• Study material:
§ §

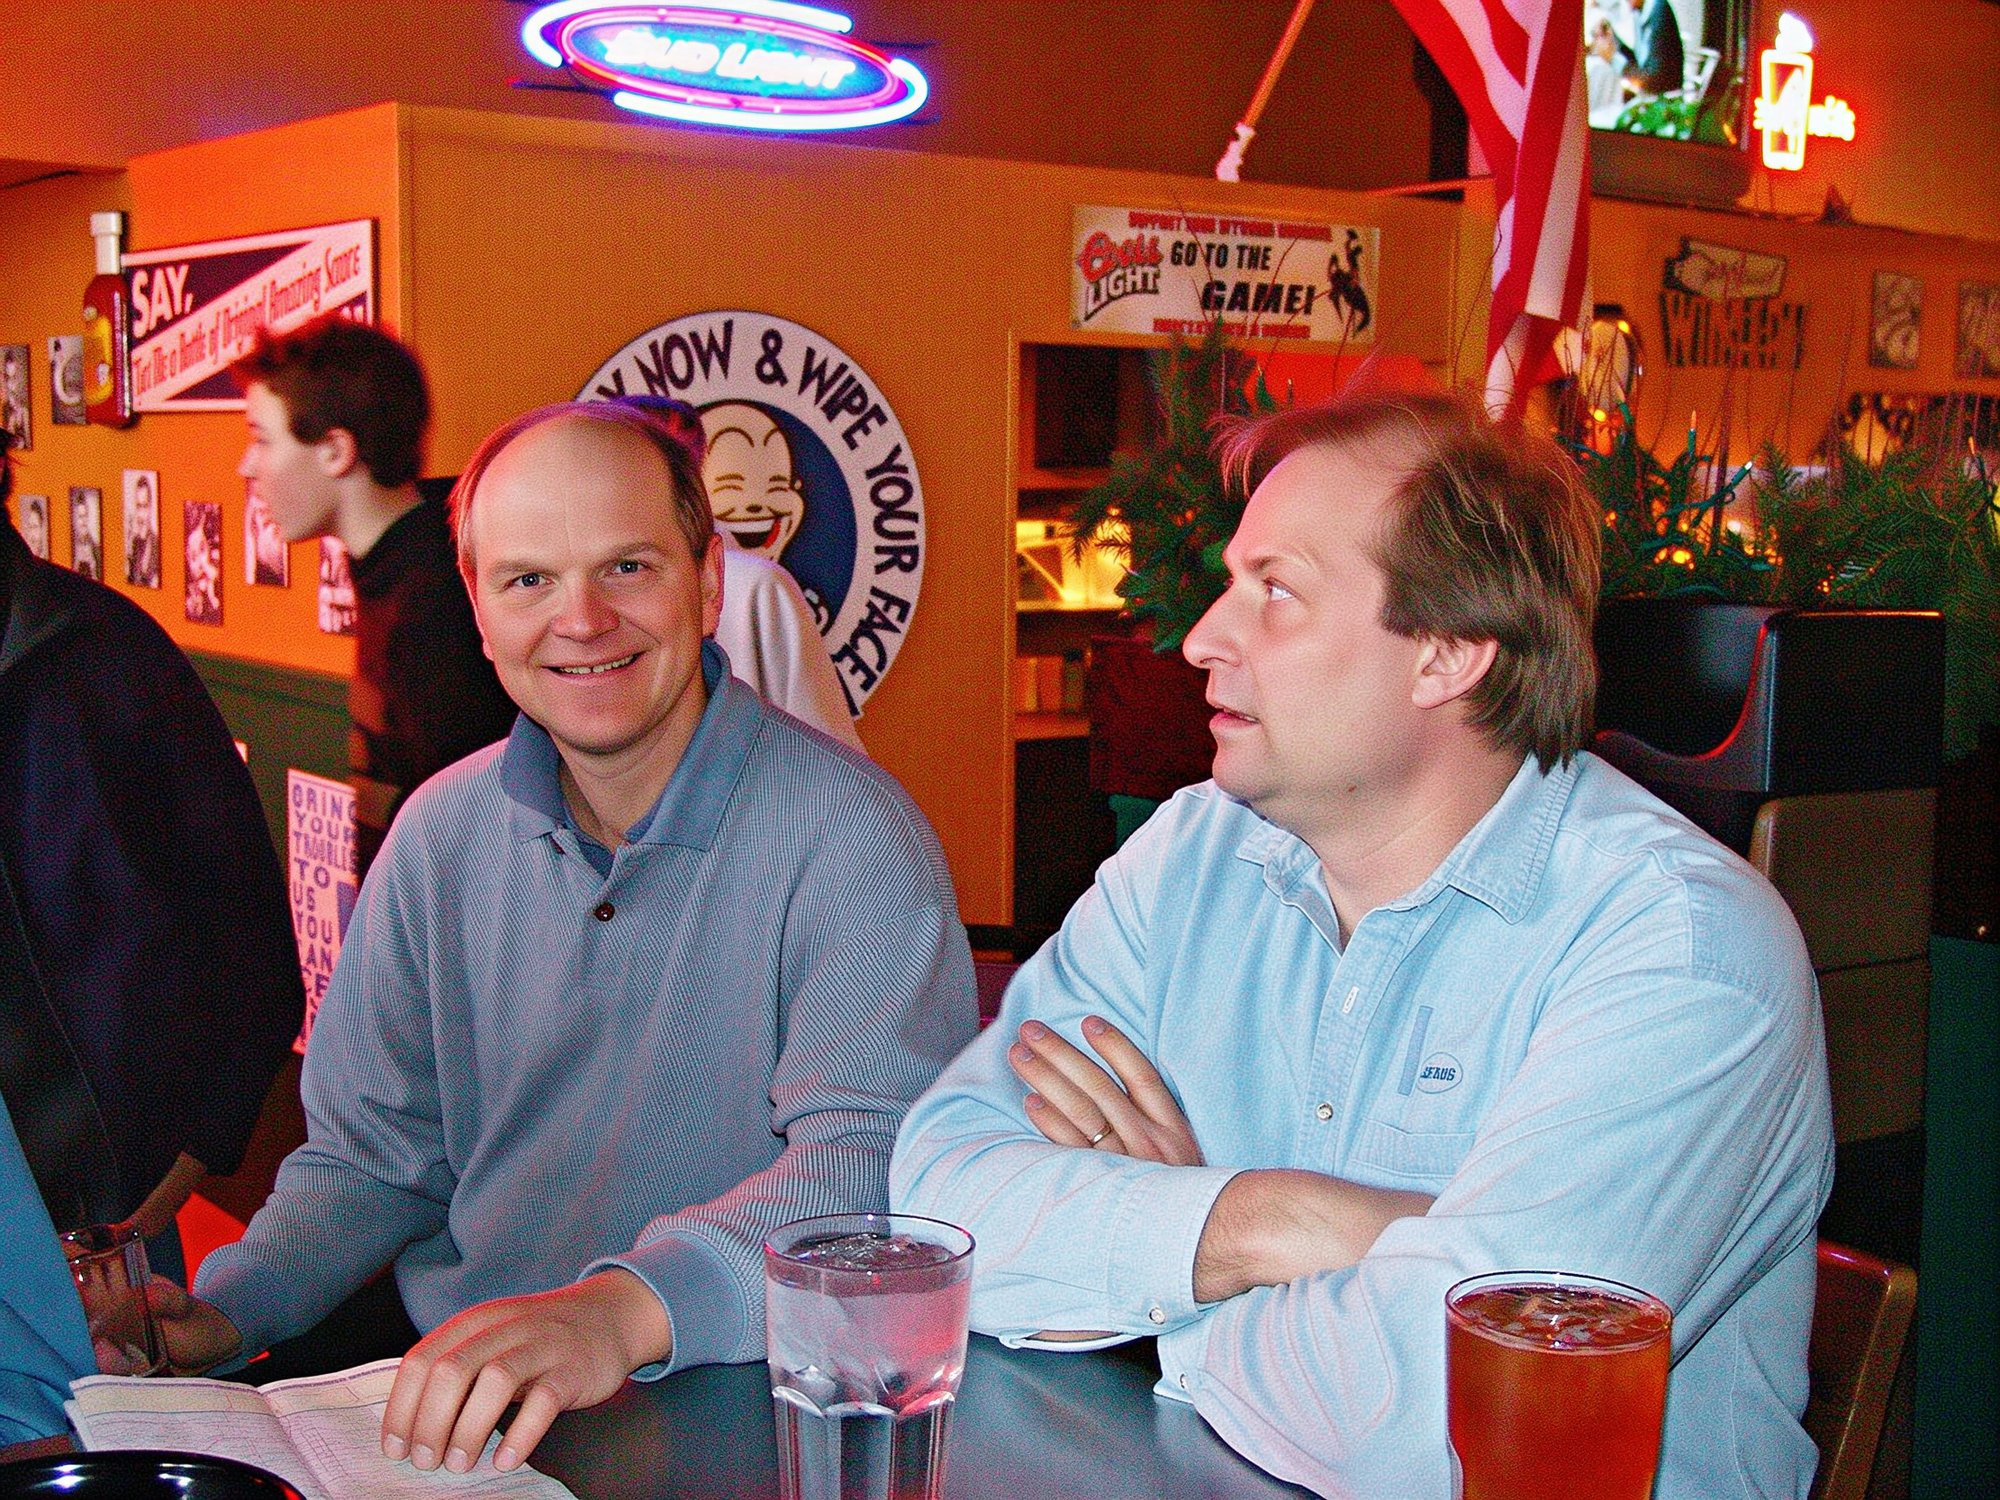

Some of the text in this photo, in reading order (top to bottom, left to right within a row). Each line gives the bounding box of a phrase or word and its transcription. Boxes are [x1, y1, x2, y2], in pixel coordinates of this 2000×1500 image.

[1170, 240, 1272, 271] GO TO THE
[131, 264, 194, 338] SAY,
[1084, 265, 1160, 318] LIGHT
[1200, 280, 1316, 316] GAME!
[633, 318, 733, 398] NOW
[754, 328, 788, 387] &
[798, 346, 888, 451] WIPE
[864, 442, 919, 575] YOUR
[294, 857, 331, 889] TO
[293, 881, 316, 912] US
[295, 911, 333, 945] YOU
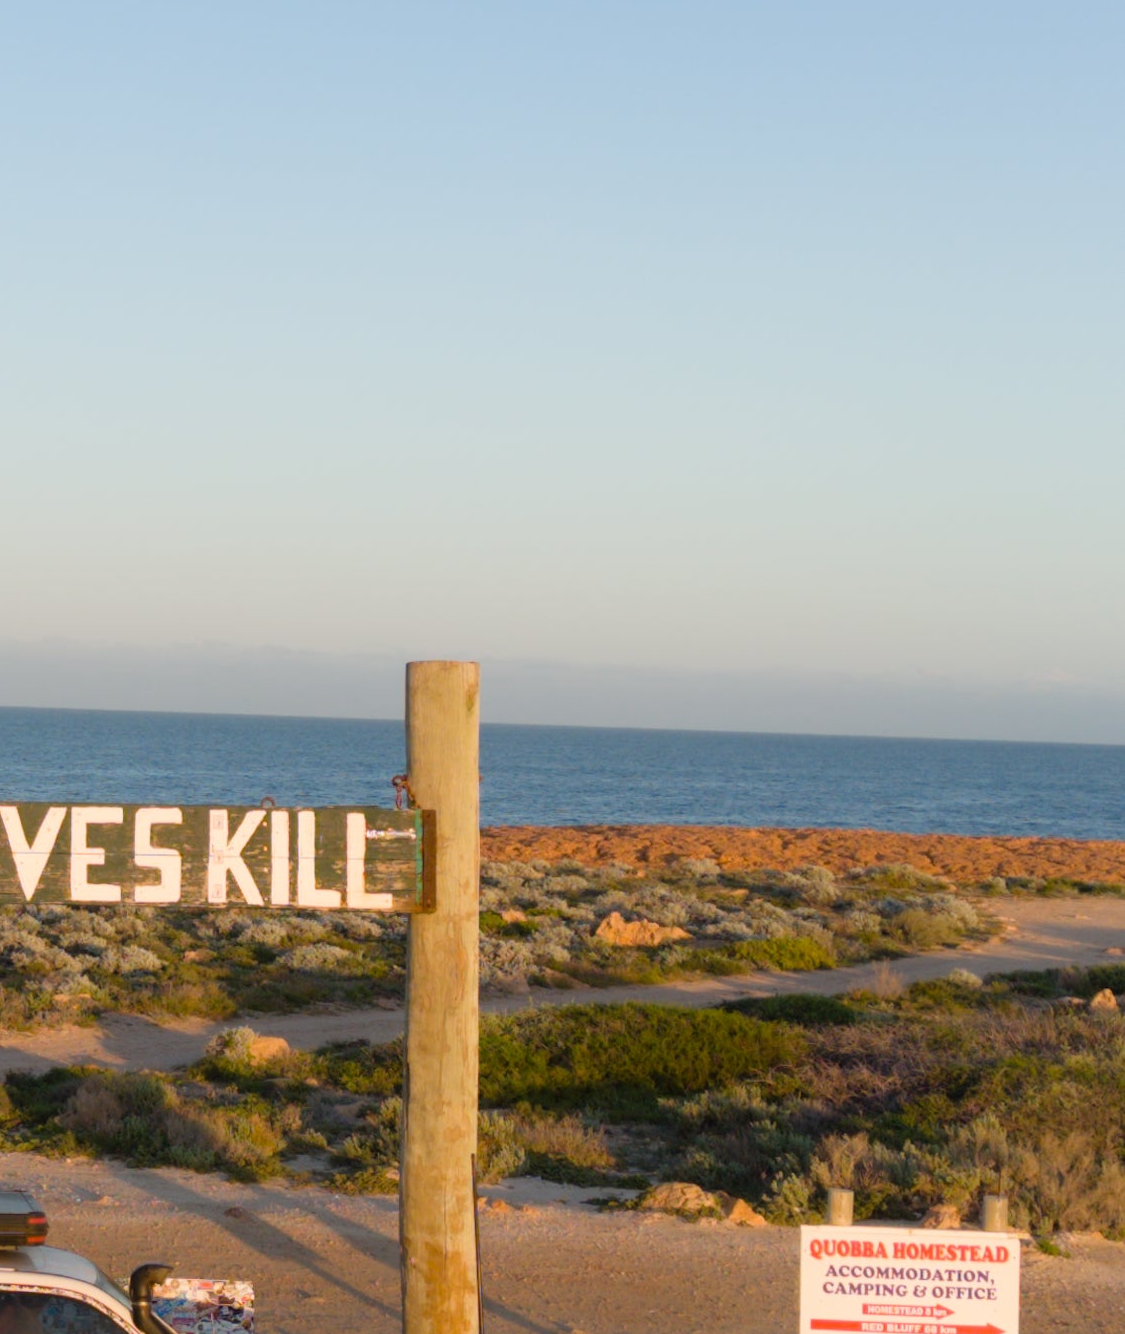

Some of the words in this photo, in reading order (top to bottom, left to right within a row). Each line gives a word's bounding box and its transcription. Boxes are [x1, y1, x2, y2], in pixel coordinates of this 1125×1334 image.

[208, 809, 393, 909] KILL
[810, 1239, 889, 1260] QUOBBA
[892, 1242, 1010, 1263] HOMESTEAD
[825, 1264, 995, 1285] ACCOMMODATION,
[822, 1281, 908, 1298] CAMPING
[912, 1284, 927, 1298] &
[931, 1286, 997, 1300] OFFICE
[867, 1305, 924, 1315] HOMESTEAD
[933, 1307, 947, 1316] km
[861, 1322, 884, 1332] RED
[886, 1323, 922, 1333] BLUFF
[940, 1325, 957, 1334] km
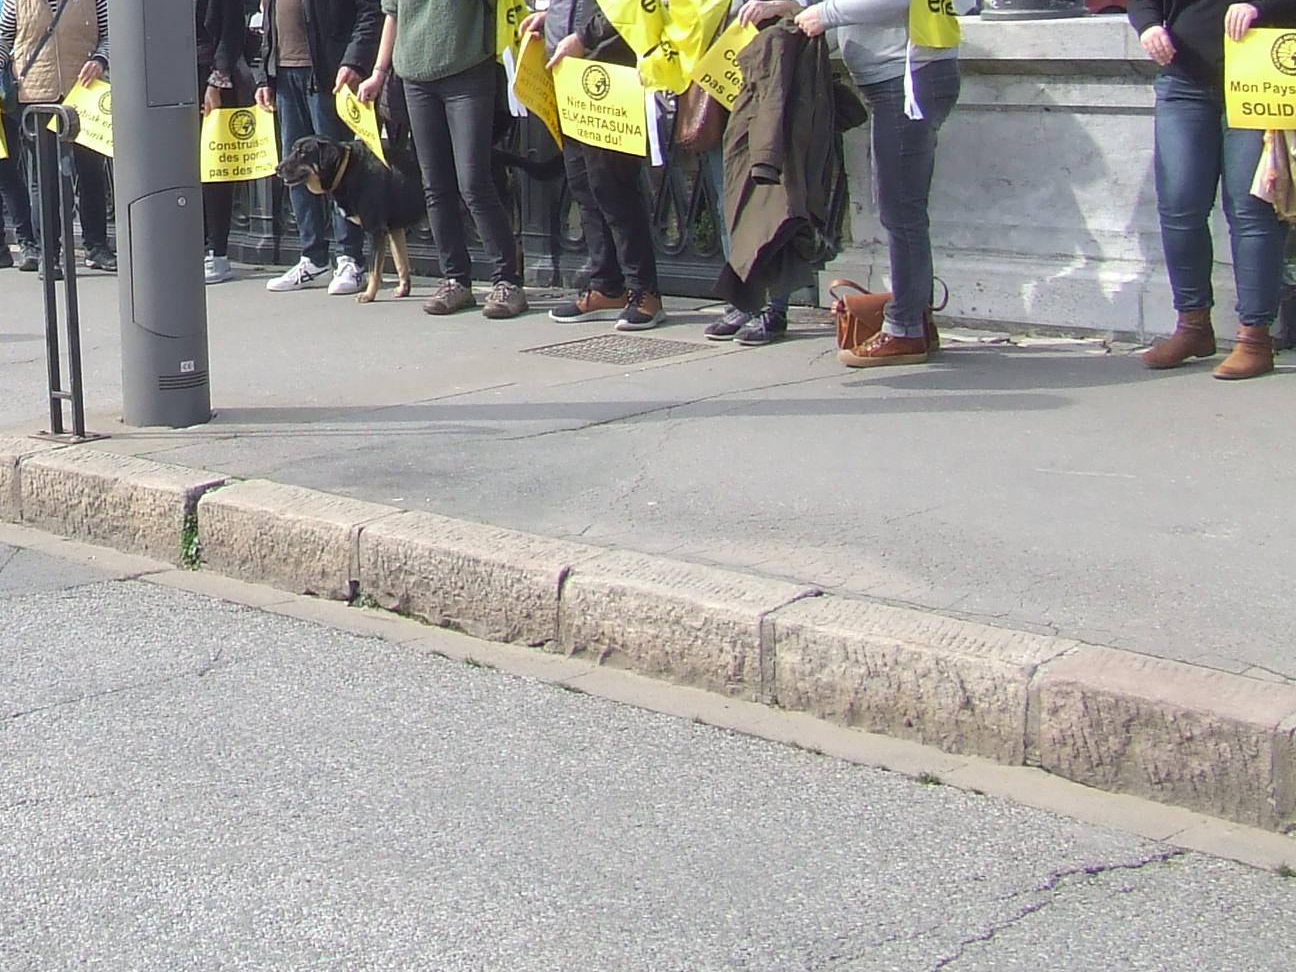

§ §

Return all of the records above exactly as written. Omit each picture.

Some of the text in this photo, in reading order (top to bottom, left to right within a row). Each line gives the bounding box of a phrase or word and its transcription. Boxes are [x1, y1, x2, y2], in pixel coordinates of this 2000×1500 image.

[1170, 240, 1272, 271] GO TO THE
[131, 264, 194, 338] SAY,
[1084, 265, 1160, 318] LIGHT
[1200, 280, 1316, 316] GAME!
[633, 318, 733, 398] NOW
[754, 328, 788, 387] &
[798, 346, 888, 451] WIPE
[864, 442, 919, 575] YOUR
[294, 857, 331, 889] TO
[293, 881, 316, 912] US
[295, 911, 333, 945] YOU

Some of the words in this photo, in reading order (top to bottom, left to right within a row). Each line gives a word's bounding box and its transcription. Boxes are [x1, y1, x2, y2], in pixel coordinates of this 1125×1334 image.

[208, 809, 393, 909] KILL
[810, 1239, 889, 1260] QUOBBA
[892, 1242, 1010, 1263] HOMESTEAD
[825, 1264, 995, 1285] ACCOMMODATION,
[822, 1281, 908, 1298] CAMPING
[912, 1284, 927, 1298] &
[931, 1286, 997, 1300] OFFICE
[867, 1305, 924, 1315] HOMESTEAD
[933, 1307, 947, 1316] km
[861, 1322, 884, 1332] RED
[886, 1323, 922, 1333] BLUFF
[940, 1325, 957, 1334] km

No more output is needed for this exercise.